Tolong...
Mama, Papa, tolong Ari. Mahes dikejar sama Mas... Uuugh. Kenapa lidahku kaku menyebut nama orang itu?
Mas Wira, kenapa nggak denger aku?
Mas Dika, kenapa pergi?
Radhi...tolongin gue. Gue nggak bisa napas.
Rad...
Bibi...
Siti...
"AAAAAK!!" Napasku memburu. Dadaku naik turun, menghela napas dengan tempo cepat seperti habis lari maraton. Mataku bergerak liar tak tentu arah, memastikan aku sedang di mana.
"Kamar," jawabku sendiri, lirih bagai bisikan. Seiring dengan kesadaranku yang makin kembali padaku, detak jantung juga makin melambat. Karena aku tahu, tidak ada bahaya nyata disekelilingku. Aku aman.
"Panas." Selimut aku hentak keras ke pinggir kasur, mengekspos badanku yang penuh keringat. Padahal ruanganku ber-AC dengan suhu terendah.
"Bahkan di mimpi pun Siti nggak mau nolong aku," dumelku setengah sadar.
"Jam berapa sih?" Ponselku mana? Tanganku sibuk mencari di bawah bantal. Bagus. Mati. Tidak ada jam di kamar. Di luar jendela sepertinya sudah tidak ada matahari. OK. Antara malam atau subuh.
Aku mengalami disorientasi waktu beberapa hari ini. Terbangun dari tidur tanpa tahu waktu. Kadang jam 8 pagi. Kadang sudah siang, kadang ketika tidak ada lagi matahari. Aku jadi bingung sendiri, sudah malam, atau sudah berganti hari menjadi subuh. Satu-satunya petunjuk waktu ya, tanda AM (pagi) atau PM (malam) di jam HP. Dan aku selalu terbangun dalam keadaan seperti dikejar setan, ngos-ngosan, berkeringat, dan bikin letih sebadan-badan.
Dug...Dug...Dug...
"Eh, suara apa tuh?" Seperti bunyi gedoran pintu. Tapi kenapa semakin kencang?
Menarik napas dalam-dalam dan menghebuskannya pelan, demi mengumpulkan nyawa yang masih di awang-awang. Segera aku keluar kamar dan menemukan suara gedebuk semakin keras dan suara teredam memanggil-manggil namaku.
Sebelum sampai di depan pintu, pintuku terbuka sendiri.
"Apa-apaan..."
"Ari!
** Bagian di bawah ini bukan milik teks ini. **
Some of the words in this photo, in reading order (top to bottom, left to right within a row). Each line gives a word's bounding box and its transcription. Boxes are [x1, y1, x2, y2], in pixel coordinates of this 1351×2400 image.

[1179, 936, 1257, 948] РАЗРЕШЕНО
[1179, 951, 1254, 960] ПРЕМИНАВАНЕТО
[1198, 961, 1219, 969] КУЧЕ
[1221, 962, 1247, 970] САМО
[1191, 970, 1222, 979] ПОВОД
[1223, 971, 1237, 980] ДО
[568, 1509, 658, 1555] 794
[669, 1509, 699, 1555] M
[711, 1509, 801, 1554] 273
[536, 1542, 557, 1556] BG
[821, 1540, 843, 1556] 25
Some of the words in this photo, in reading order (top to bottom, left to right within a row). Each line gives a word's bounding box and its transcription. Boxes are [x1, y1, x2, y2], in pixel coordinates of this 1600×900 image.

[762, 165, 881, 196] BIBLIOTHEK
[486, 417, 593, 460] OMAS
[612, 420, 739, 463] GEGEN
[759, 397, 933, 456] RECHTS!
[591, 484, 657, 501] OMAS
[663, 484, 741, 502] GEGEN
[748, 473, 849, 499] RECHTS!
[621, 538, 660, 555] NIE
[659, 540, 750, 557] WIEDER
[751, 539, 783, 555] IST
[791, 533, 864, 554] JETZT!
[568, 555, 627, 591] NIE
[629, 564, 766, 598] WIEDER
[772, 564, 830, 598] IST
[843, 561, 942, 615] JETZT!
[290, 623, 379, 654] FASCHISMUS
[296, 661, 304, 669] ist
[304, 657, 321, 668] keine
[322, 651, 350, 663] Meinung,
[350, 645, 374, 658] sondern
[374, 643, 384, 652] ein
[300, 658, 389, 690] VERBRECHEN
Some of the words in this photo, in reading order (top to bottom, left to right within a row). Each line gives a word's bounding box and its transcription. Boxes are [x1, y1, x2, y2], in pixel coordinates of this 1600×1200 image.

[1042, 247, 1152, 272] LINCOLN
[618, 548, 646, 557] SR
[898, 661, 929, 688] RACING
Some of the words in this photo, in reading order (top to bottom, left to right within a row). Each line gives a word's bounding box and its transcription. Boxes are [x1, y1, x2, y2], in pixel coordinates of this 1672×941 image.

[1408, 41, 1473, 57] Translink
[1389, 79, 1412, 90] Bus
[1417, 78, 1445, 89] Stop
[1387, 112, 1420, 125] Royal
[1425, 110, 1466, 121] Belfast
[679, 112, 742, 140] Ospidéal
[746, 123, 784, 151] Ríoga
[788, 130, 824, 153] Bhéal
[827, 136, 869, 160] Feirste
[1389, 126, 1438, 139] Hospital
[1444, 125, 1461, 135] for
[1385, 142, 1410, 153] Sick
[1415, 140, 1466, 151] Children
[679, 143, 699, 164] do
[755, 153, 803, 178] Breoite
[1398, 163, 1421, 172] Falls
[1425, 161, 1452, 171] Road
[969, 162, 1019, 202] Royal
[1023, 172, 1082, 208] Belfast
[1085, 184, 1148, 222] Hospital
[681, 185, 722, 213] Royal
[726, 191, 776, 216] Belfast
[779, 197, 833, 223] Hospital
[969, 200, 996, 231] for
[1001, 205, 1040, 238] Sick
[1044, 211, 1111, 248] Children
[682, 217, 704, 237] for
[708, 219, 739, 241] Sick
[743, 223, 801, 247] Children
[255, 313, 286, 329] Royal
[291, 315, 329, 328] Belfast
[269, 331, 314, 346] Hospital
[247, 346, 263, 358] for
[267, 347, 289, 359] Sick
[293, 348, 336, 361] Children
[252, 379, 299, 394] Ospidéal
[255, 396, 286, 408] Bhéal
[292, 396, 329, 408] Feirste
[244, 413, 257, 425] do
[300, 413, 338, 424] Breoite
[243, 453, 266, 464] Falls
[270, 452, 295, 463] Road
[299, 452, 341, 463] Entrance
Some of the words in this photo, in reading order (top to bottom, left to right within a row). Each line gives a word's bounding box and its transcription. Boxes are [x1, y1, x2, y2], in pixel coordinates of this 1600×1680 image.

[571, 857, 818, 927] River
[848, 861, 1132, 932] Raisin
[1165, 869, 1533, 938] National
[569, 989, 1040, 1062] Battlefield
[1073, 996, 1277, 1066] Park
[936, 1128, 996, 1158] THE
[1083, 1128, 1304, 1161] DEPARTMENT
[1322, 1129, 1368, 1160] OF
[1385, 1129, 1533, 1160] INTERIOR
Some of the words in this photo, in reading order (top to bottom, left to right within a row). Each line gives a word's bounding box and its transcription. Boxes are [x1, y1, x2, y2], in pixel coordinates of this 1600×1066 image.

Lo nggak apa-apa?!" Aku tak tahu apa yang terjadi. Tahu-tahu Radhi memelukku erat. Aku tidak bisa mendeskripsikan kejadian ini. Mungkin aku masih menderita disorientasi waktu dan kesadaranku belum terkumpul sempurna. Aku tak tahu.
"Sejak pagi tadi gue nelpon elo, Ri. Gue kan udah bilang bakal ngecek elo tiap pagi. Tapi lo nggak mau angkat telepon gue. Gue nggak konsen di Amaranggana gara-gara lo."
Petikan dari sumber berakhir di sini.